Middle Eastern Asset Management Industry Remains Resilient During COVID-19, Reaching USD 1.2 Trillion in 2020

Sovereign wealth funds and retail mutual funds assets were fundamental to the 11 percent growth from USD 1.1 trillion in 2019, with further growth opportunities likely as markets emerge from economic difficulties

Dubai, July 11, 2021— The disruptive nature of the COVID-19 health crisis has been unrelenting, with repercussions implicating all societal areas. Yet despite the unprecedented turbulence of late, the asset management industry in the Middle East has emerged in a favorable position, according to a new report by Boston Consulting Group (BCG). The report, titled ‘Global Asset Management 2021: The $100 Trillion Machine,’ illustrates that the Middle East’s Assets Under Management (AuM) have witnessed double-digit growth in recent times, increasing by 11 percent from USD 1.1 trillion in 2019 to USD 1.2 trillion in 2020.

“Much like every sector, the resilience of the asset management industry was tested in 2020, with initial outbreak disruption and subsequent economic tailwinds presenting a period of sizeable uncertainty for the industry and its incumbents,” said Harold Haddad, Managing Director and Partner, BCG. “However, the Middle East has prevailed in the face of adversity, and it is now apparent that the region has entered 2021 in a position of strength following healthy returns.”

As per the report’s findings, AuM growth in the region is primarily attributed to an increase in sovereign wealth funds (SWF) assets, mostly due to strong capital market performances. Many SWFs had high equity exposure in developing and emerging markets, faring well as the financial landscape regained a degree of pre-pandemic stability. Furthermore, another main driver of AuM growth was retail investors. In the Middle East, retail mutual funds had 12 percent growth during 2020, with strong global market performance instigating this outcome.

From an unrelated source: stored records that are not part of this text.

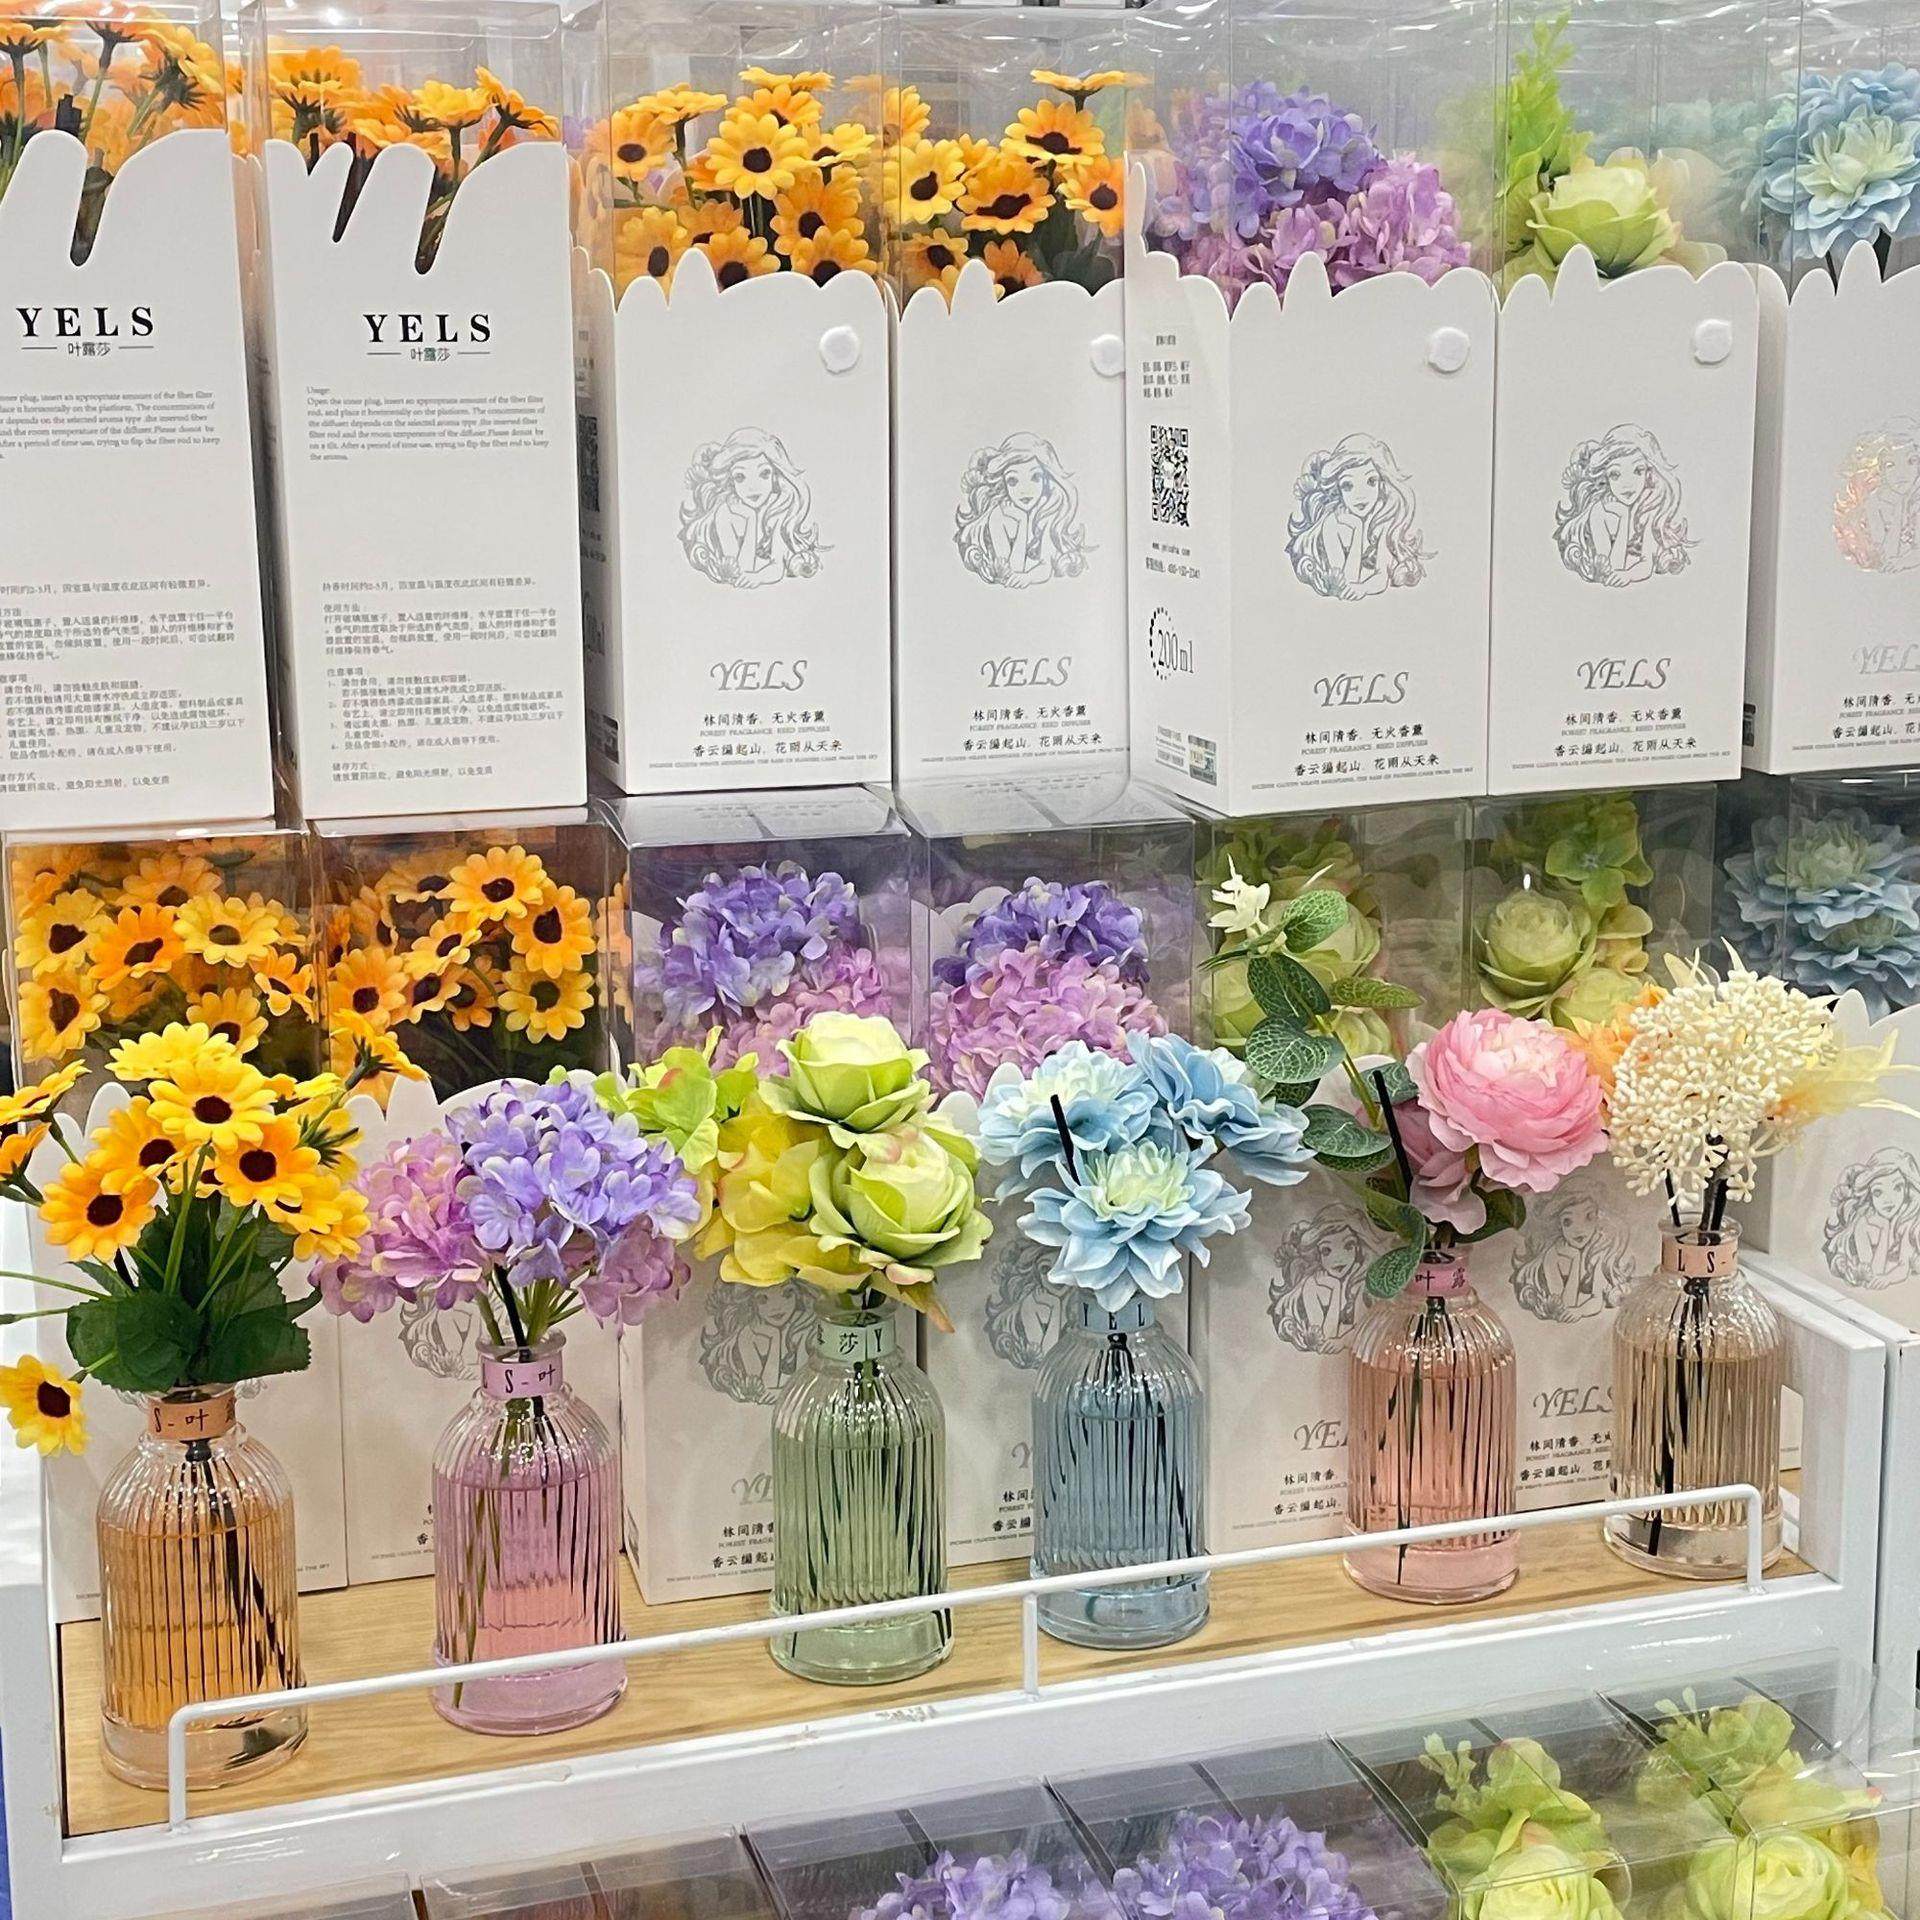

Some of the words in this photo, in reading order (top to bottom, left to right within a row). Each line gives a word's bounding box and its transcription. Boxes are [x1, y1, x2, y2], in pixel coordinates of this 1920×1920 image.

[16, 307, 154, 337] YELS
[363, 314, 491, 343] YELS
[710, 659, 808, 691] YELS
[981, 656, 1072, 688] YELS
[1577, 657, 1671, 690] YELS
[1314, 671, 1410, 707] YELS
[1294, 1419, 1348, 1451] YE
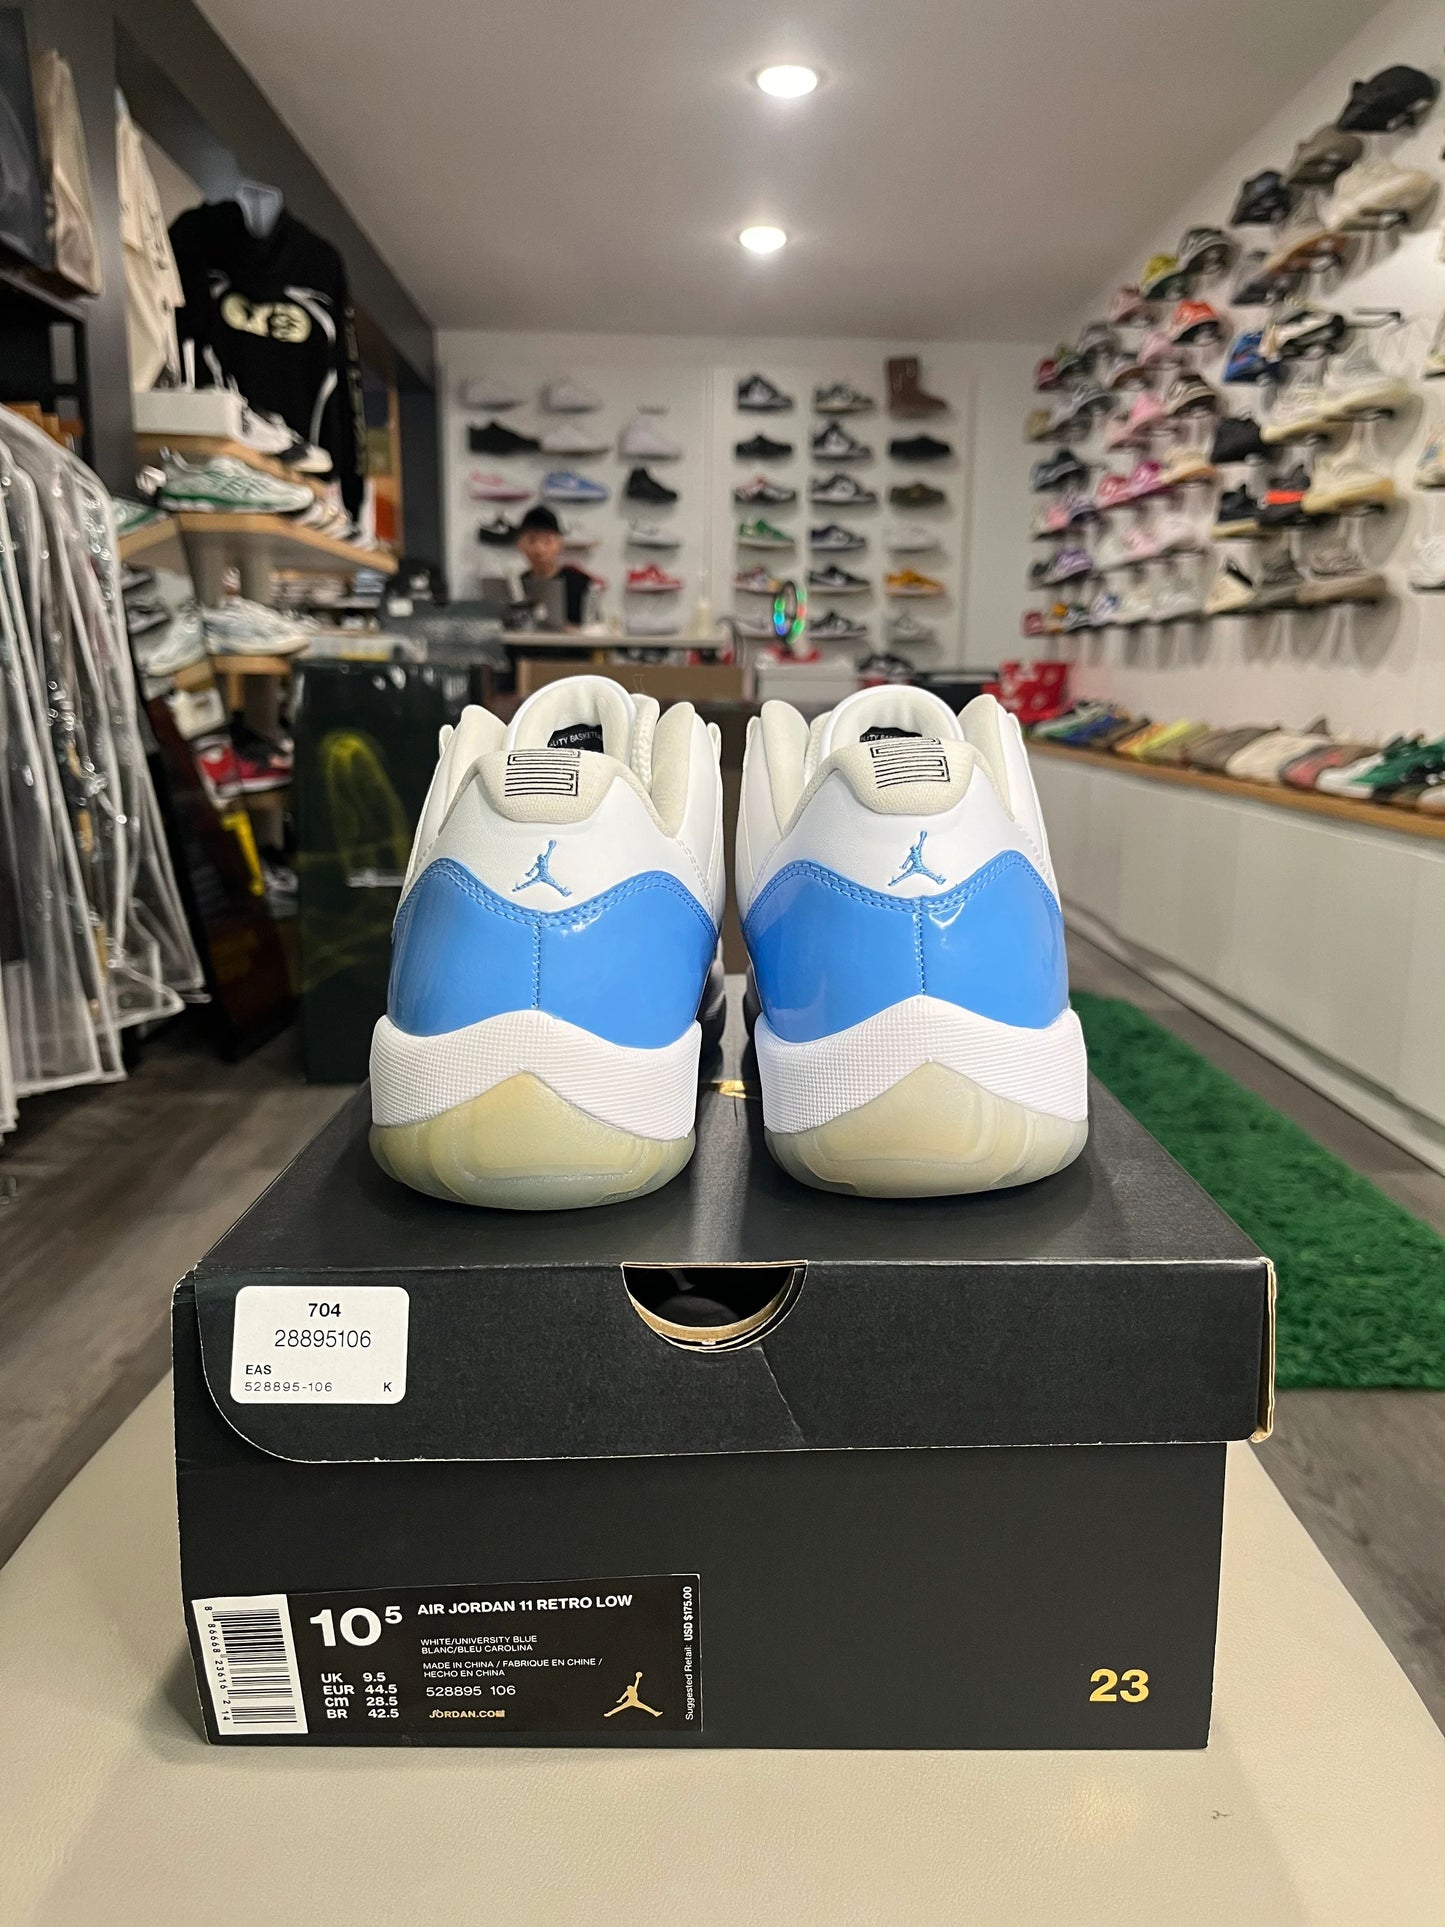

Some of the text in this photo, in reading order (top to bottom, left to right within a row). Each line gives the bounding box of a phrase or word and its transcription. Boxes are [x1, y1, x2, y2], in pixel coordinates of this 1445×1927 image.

The 19th annual BCG study of the global asset management industry explores the extent of growth that other markets have accumulated during challenging conditions, showcasing key drivers while providing comprehensive explanations. At the global level, net inflows for the asset management industry reached USD 2.8 trillion in 2020, or 3.1 percent of the total AuM at the beginning of the year – compared to a historical average between 1-2 percent over the previous decade. Again, retail investors proved to be the main driver behind AuM growth. Global retail AuM portfolios grew globally by 11 percent in 2020, representing 41 percent of global assets at USD 42 trillion. Institutional investments also grew at a similar pace to reach USD 61 trillion, or 59 percent of the global market.

“The asset management industry is coming out of the recent crisis with notable changes. Although the operating environment continues to change, the growth recorded from 2019-2020 – in such a precarious climate – implies further development in due course as countries continue their reemergence, with many opportunities sure to present themselves as new trends accelerate,” said Mustafa Bosca, Managing Director and Partner, BCG. “From an industry player perspective, the objective looking ahead will be to pursue a sustainable growth strategy that revolves around differentiation and advantage, with client engagement models, investment products, operating models, and talent strategy all potential areas that could be prioritized.”

BCG’s 2021 Global Asset Management report considers how new realities – for example, in markets and technology – will shape future industry leaders and why specific areas, such as private markets, ESG investing, and advanced data and analytics, are likely to play key roles. Given the opportunities for asset management industry growth and transformation in the years ahead, the study also explores private markets’ outlook and projections. BCG highlights the potential for sizeable progress within private markets, especially for firms that can successfully enter the retail market, systematically use data and analytics to enhance decision making, and integrate meaningful ESG metrics.